TASK: Exactly as written, retype the lines that run from the line holding "this 2352×1568 image." through the end of the records below. Do not include pictures.

RECORDS FOR THE TASK:
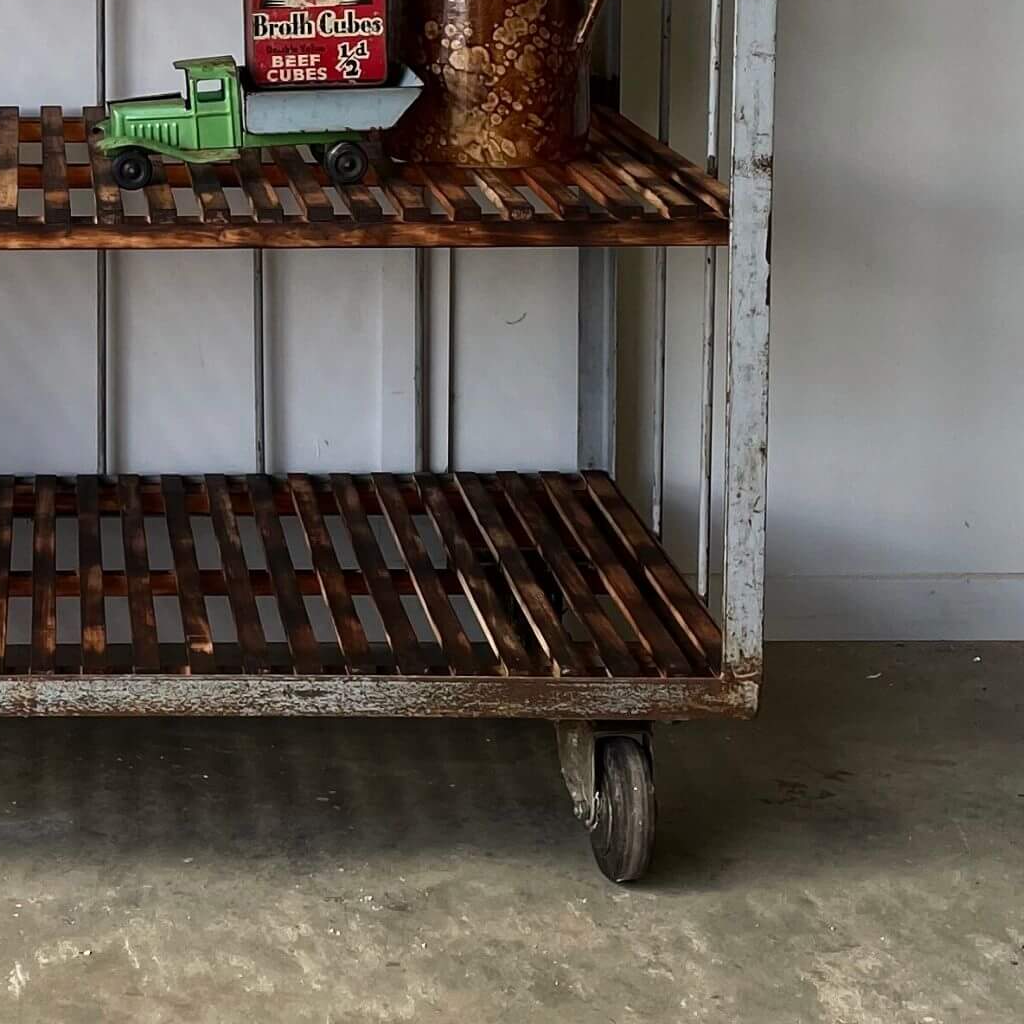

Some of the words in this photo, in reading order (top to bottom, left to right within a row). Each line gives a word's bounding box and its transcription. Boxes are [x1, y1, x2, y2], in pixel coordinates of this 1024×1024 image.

[252, 11, 315, 39] Broth
[318, 9, 383, 37] Cubes
[271, 54, 321, 68] BEEF
[266, 67, 328, 82] CUBES
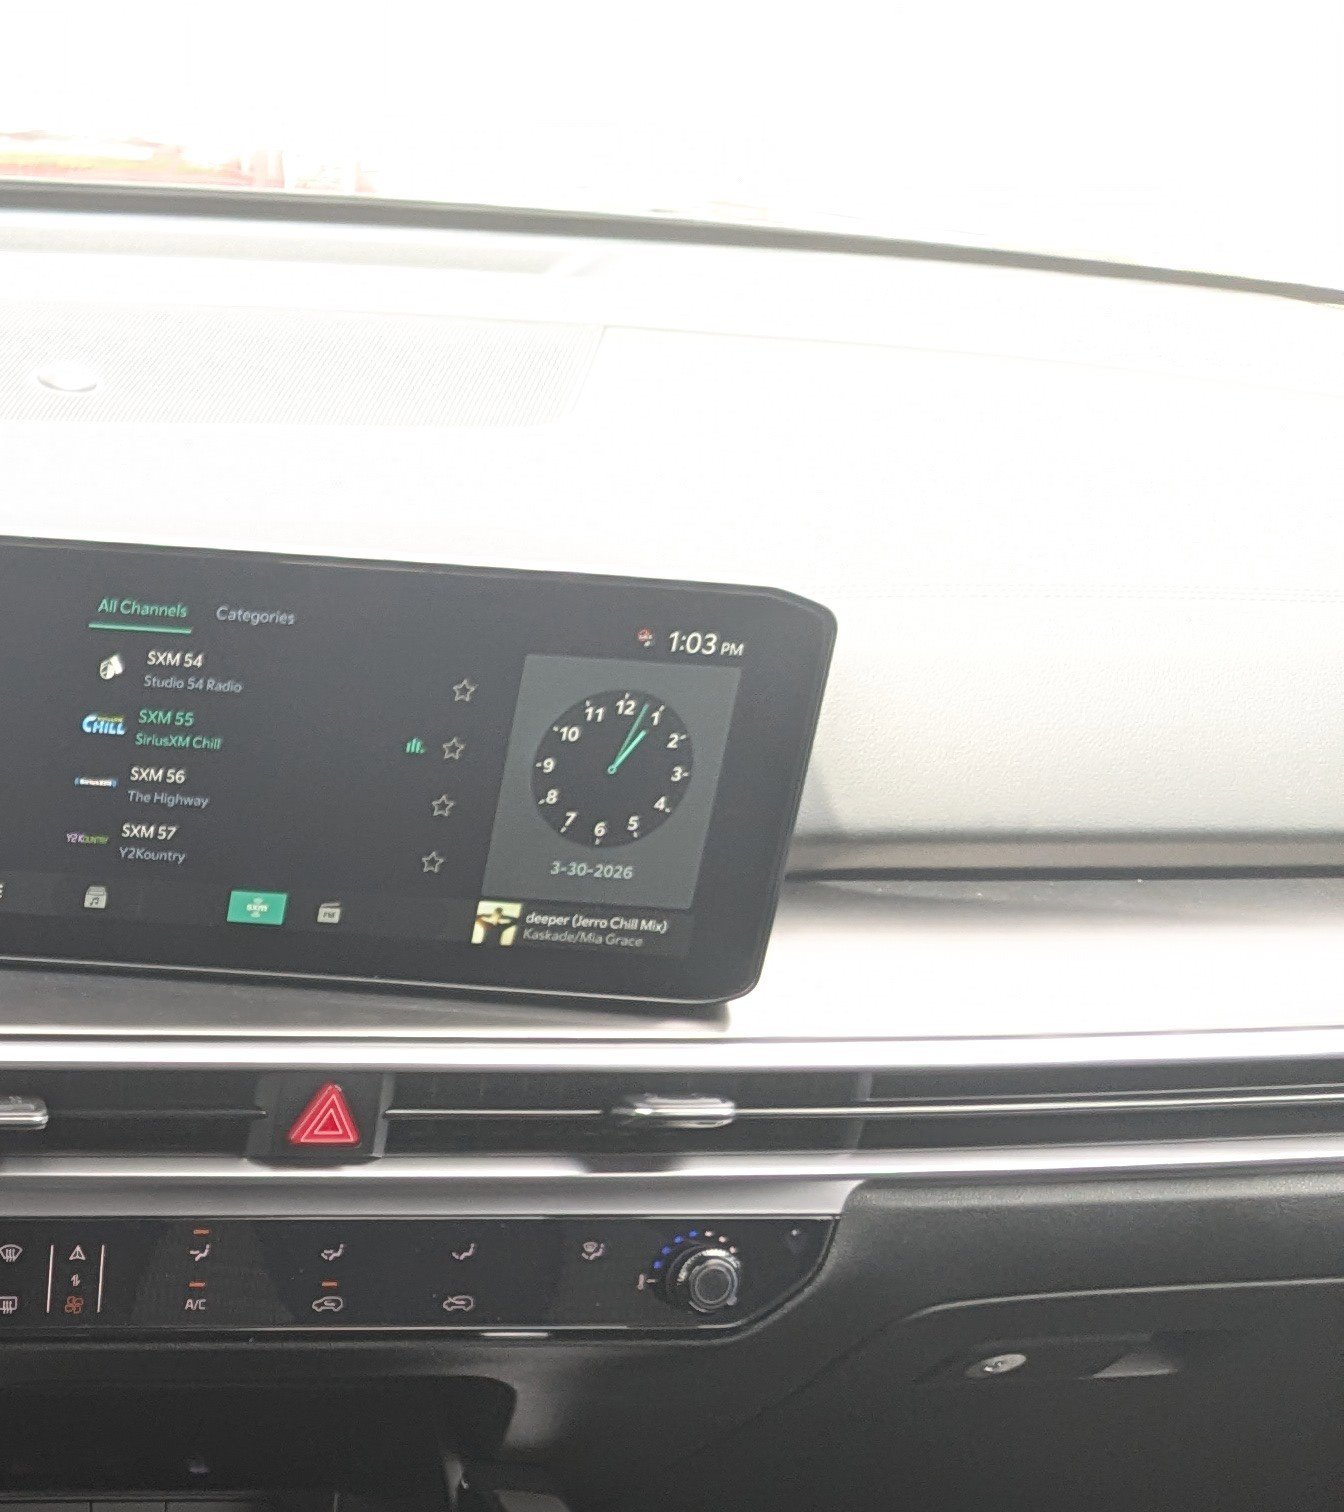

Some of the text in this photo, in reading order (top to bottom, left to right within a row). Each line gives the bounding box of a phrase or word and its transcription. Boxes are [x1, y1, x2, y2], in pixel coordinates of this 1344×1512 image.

[97, 599, 188, 618] All Channels
[216, 605, 296, 625] Categories
[668, 630, 745, 656] 1:03 PM
[146, 650, 205, 668] SXM 54
[143, 674, 244, 694] Studio 54 Radio
[585, 706, 605, 723] 11
[615, 699, 637, 717] 12
[138, 708, 173, 725] SXM
[174, 711, 195, 728] 55
[135, 731, 222, 750] SiriusXM Chill
[559, 726, 580, 743] 10
[666, 732, 680, 750] 2
[542, 757, 556, 774] 9
[670, 766, 683, 782] 3
[130, 766, 164, 783] SXM
[166, 768, 187, 785] 56
[128, 789, 210, 810] The Highway
[545, 789, 559, 805] 8
[653, 795, 667, 811] 4
[564, 810, 579, 827] 7
[626, 815, 640, 831] 5
[121, 823, 178, 841] SXM 57
[593, 821, 607, 837] 6
[119, 846, 186, 866] Y2Kountry
[549, 860, 635, 881] 3-30-2026
[525, 911, 570, 927] deeper
[609, 916, 639, 931] Chill
[605, 933, 644, 947] Grace
[184, 1298, 207, 1311] A/C
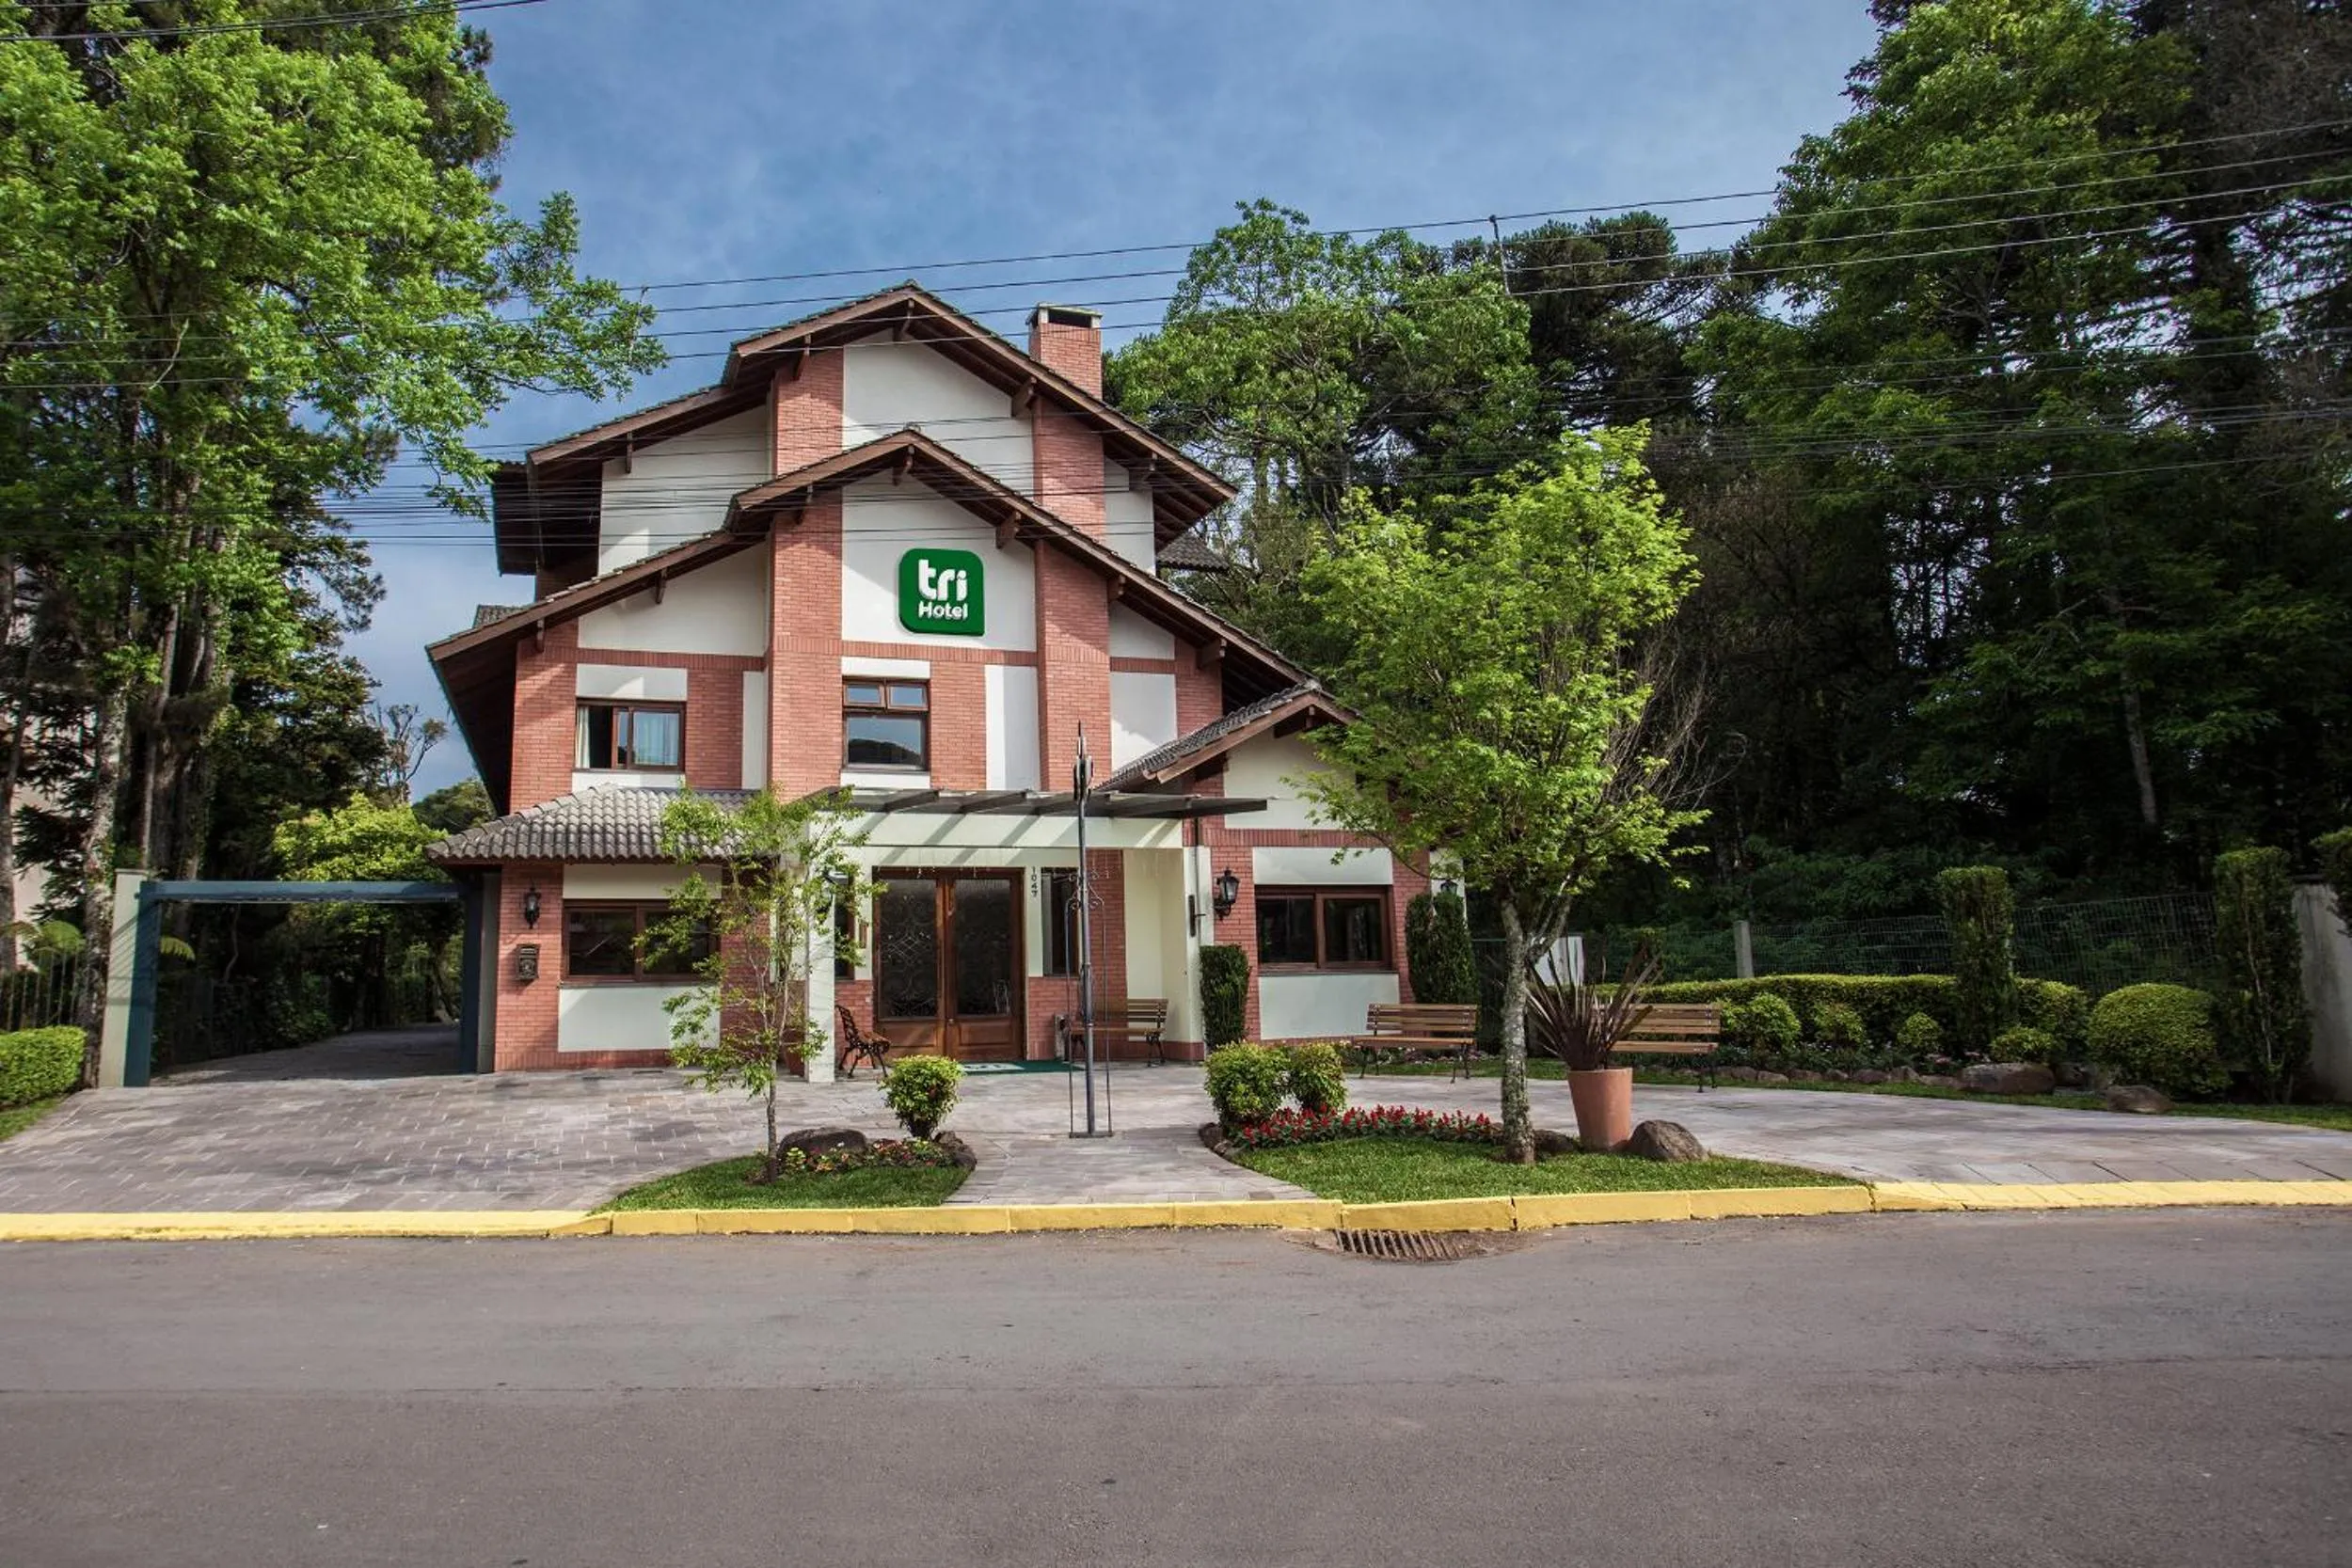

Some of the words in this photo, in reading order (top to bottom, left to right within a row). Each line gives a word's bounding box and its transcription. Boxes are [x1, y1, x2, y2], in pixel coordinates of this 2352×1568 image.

[918, 560, 967, 601] tri
[918, 601, 968, 620] Hotel
[1030, 865, 1039, 897] 1047
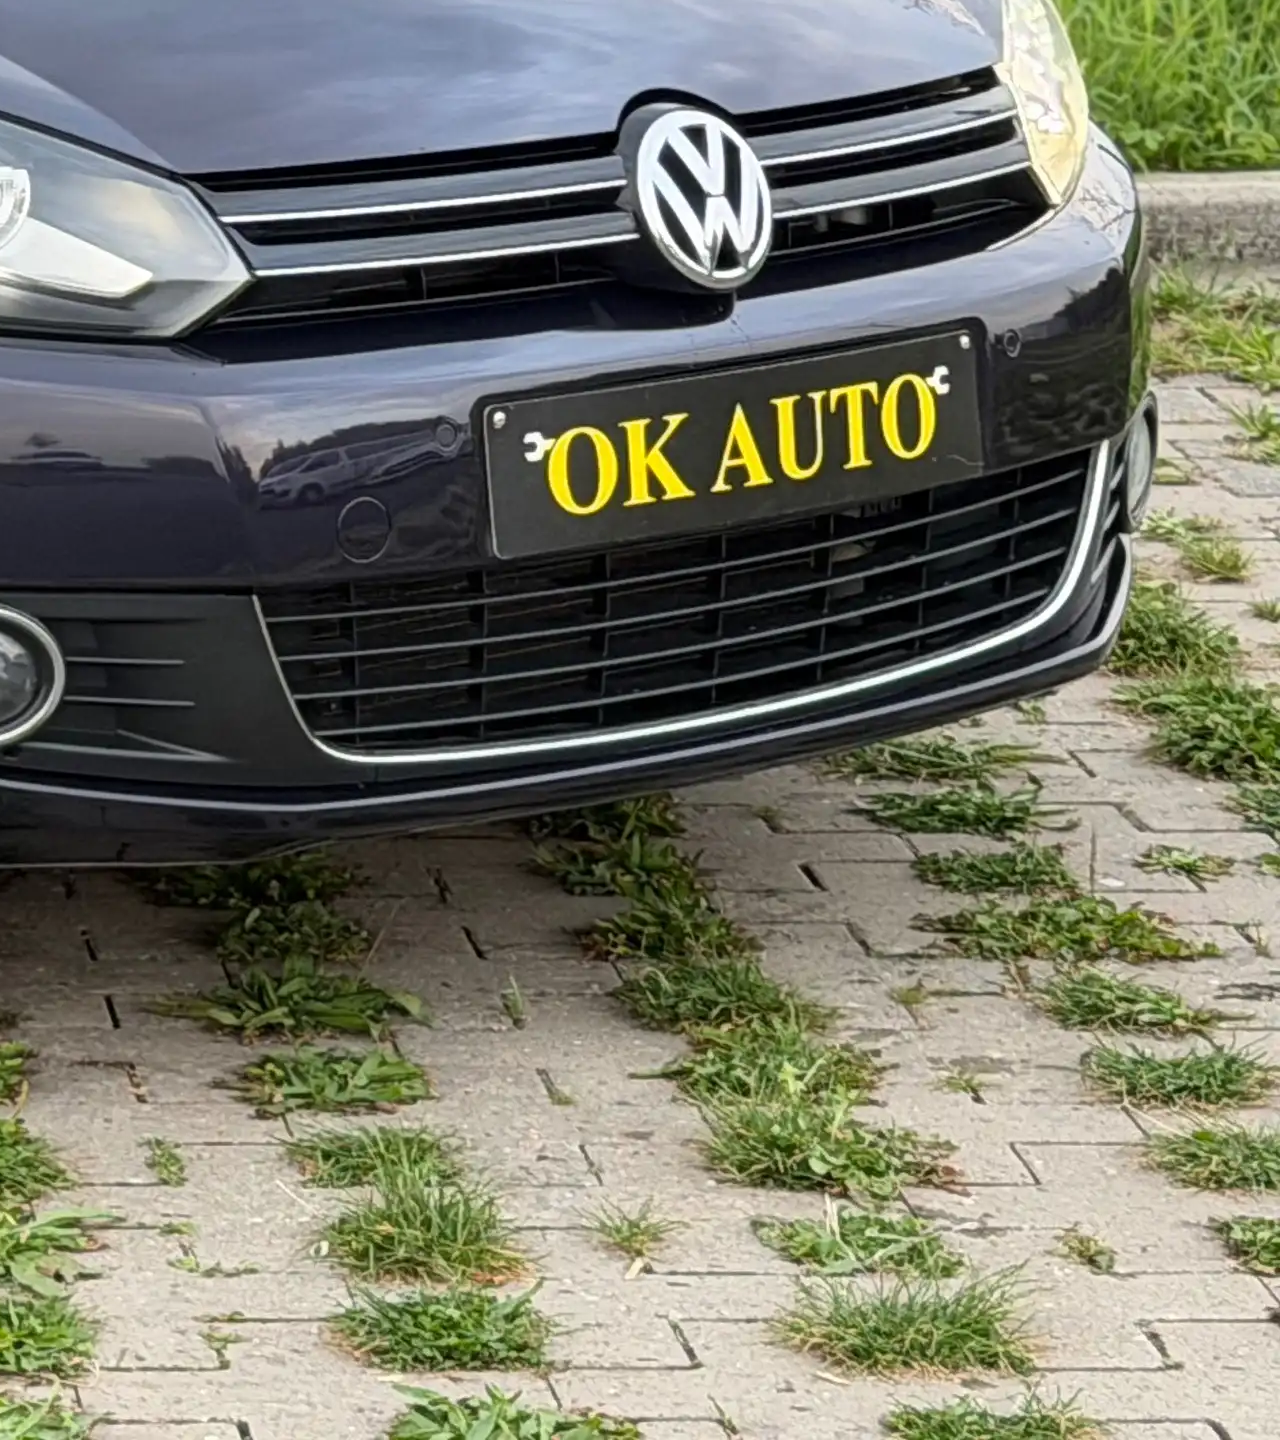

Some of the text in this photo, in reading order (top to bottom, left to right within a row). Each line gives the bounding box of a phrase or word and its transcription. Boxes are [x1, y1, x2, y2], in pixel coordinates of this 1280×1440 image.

ANSWER FOR THE TASK:
Some of the words in this photo, in reading order (top to bottom, left to right within a row). Each line gives a word's bounding box and its transcription. Boxes are [x1, y1, x2, y2], in pixel coordinates of this 2352×1568 image.

[918, 560, 967, 601] tri
[918, 601, 968, 620] Hotel
[1030, 865, 1039, 897] 1047

Some of the text in this photo, in reading order (top to bottom, left to right within a row). Each line gives the bounding box of a phrase or word and its transcription. Boxes are [x1, y1, x2, y2], in pixel coordinates of this 1280×1440 image.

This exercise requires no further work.